Top Management as Human Beings

Jim Kouzes

Q: I consider The Leadership Challenge the most important and concise book ever written about leadership. In fact, it's my 'Leadership Bible'. I've sensed increasing difficulties among my executive coachees regarding the "loneliness of power" aspects of the leadership role. Obviously the coaching process has proven quite helpful to these executives. And although the issue has been touched on by Kouzes and Posner in the 4th edition (on pages 319 and 328), I'm still investigating how to address the burdens of leadership issue and support my coaching clients more effectively. Top management leaders are human beings, but they frequently feel as if they are expected to act as "super-humans" without flaws. I'd duly appreciate some thoughts from the authors on this issue and suggested resources for further investigation.

A: Thank you for the question. You remind me of a comment made by Professor Ichak Adizes in a keynote he delivered to the Central and East European Management Development Association last year in Istanbul, Turkey. In commenting on the culture of individualism that permeates much of business, he said, "Individualism fosters loneliness-and not only at the top. It permeates, by and large, all the managerial ranks." What I take away from Ichak's comment is that the feeling of "loneliness at the top" is rooted in the notion that leaders are somehow separate and apart from others. That they must-because they are the leaders-act alone. They must climb to the top of the mountain, become inspired by some divine inspiration, and then descend from the heights to deliver the Word to the people. There's an assumption that leadership is a solo act, so leaders begin to believe that they must think alone, decide alone, and act alone.

But nothing is further from the truth. Leadership is a relationship. Exemplary leadership requires an extraordinary level of trust and a high level of collaboration. This attitude is best represented by Don Bennett, the first amputee to climb Mt. Ranier. That's 14,410 feet on one leg! When I asked Don the question, "What is the most important lesson you learned in climbing Mt. Ranier?" he responded, "You can't do it alone." Here was a guy who had just done something no one else had accomplished, and yet he believed the key to success was teamwork. It seems to me that the place to start with your clients is to coach them in the importance of building trusting relationships and the criticality of learning to collaborate, even on those decisions they think they have to make on their own. Having at least one trusted advisor, such as you, is a great start.

As to the expectation to be "super-humans," perhaps what is most needed is the courage to be simply human. As Barry Posner and I wrote in our book, A Leader's Legacy, anyone who's ever been in a leadership role quickly learns that you're squeezed between other's lofty expectations and your own personal limitations. You realize that while others want you to be of impeccable character, you're not always without fault. You learn that you can't see around every corner, and even if you know your way forward everyone may not end up at the same destination, let alone be on time. You discover that despite your best efforts to introduce brilliant innovations, most of them don't succeed. You find that you sometimes get angry and short, and that you don't always listen carefully to what others have to say. You're reminded that you don't always treat everyone with dignity and respect. You recognize that others deserve more credit than they get, and that you've failed to say "thank you." You know that sometimes you get, and take, more credit than you deserve.

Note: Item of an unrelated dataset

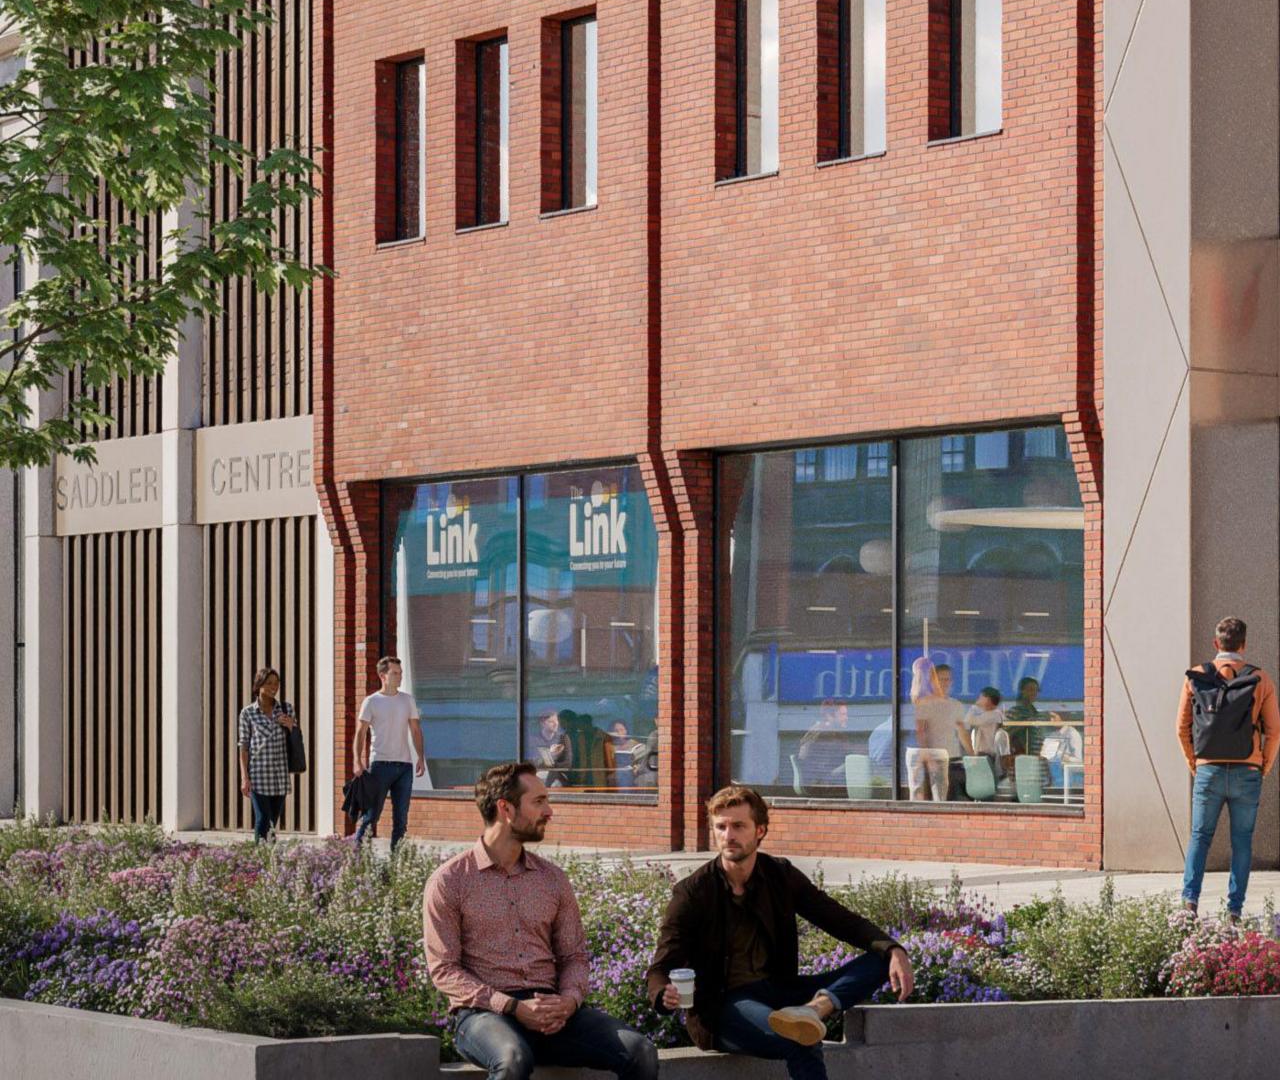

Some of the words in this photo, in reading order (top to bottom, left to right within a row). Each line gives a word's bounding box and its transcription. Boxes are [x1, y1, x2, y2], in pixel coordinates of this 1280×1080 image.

[56, 464, 159, 511] SADDLER
[210, 448, 311, 496] CENTRE
[426, 510, 479, 566] Link
[569, 498, 627, 557] Link

In other words, you realize that you're human.

The courage to be human is the courage to be humble. It takes a lot of courage to admit that you aren't always right, that you can't always anticipate every possibility, that you can't envision every future, that you can't solve every problem, that you can't control every variable, that you aren't always congenial, that you make mistakes, and that you are, well, human. It takes courage to admit all these things to others, but it may take even more courage to admit them to ourselves. If you can find the humility to do that, however, you invite others into a courageous conversation. When you let down your guard and open yourself up to others, you invite them to join you in creating something that you alone could not create. When you become more modest and unpretentious, others have the chance themselves to become visible and noticed.

Jim Kouzes is the co-author of the best-selling, The Leadership Challenge, and A Leader's Legacy.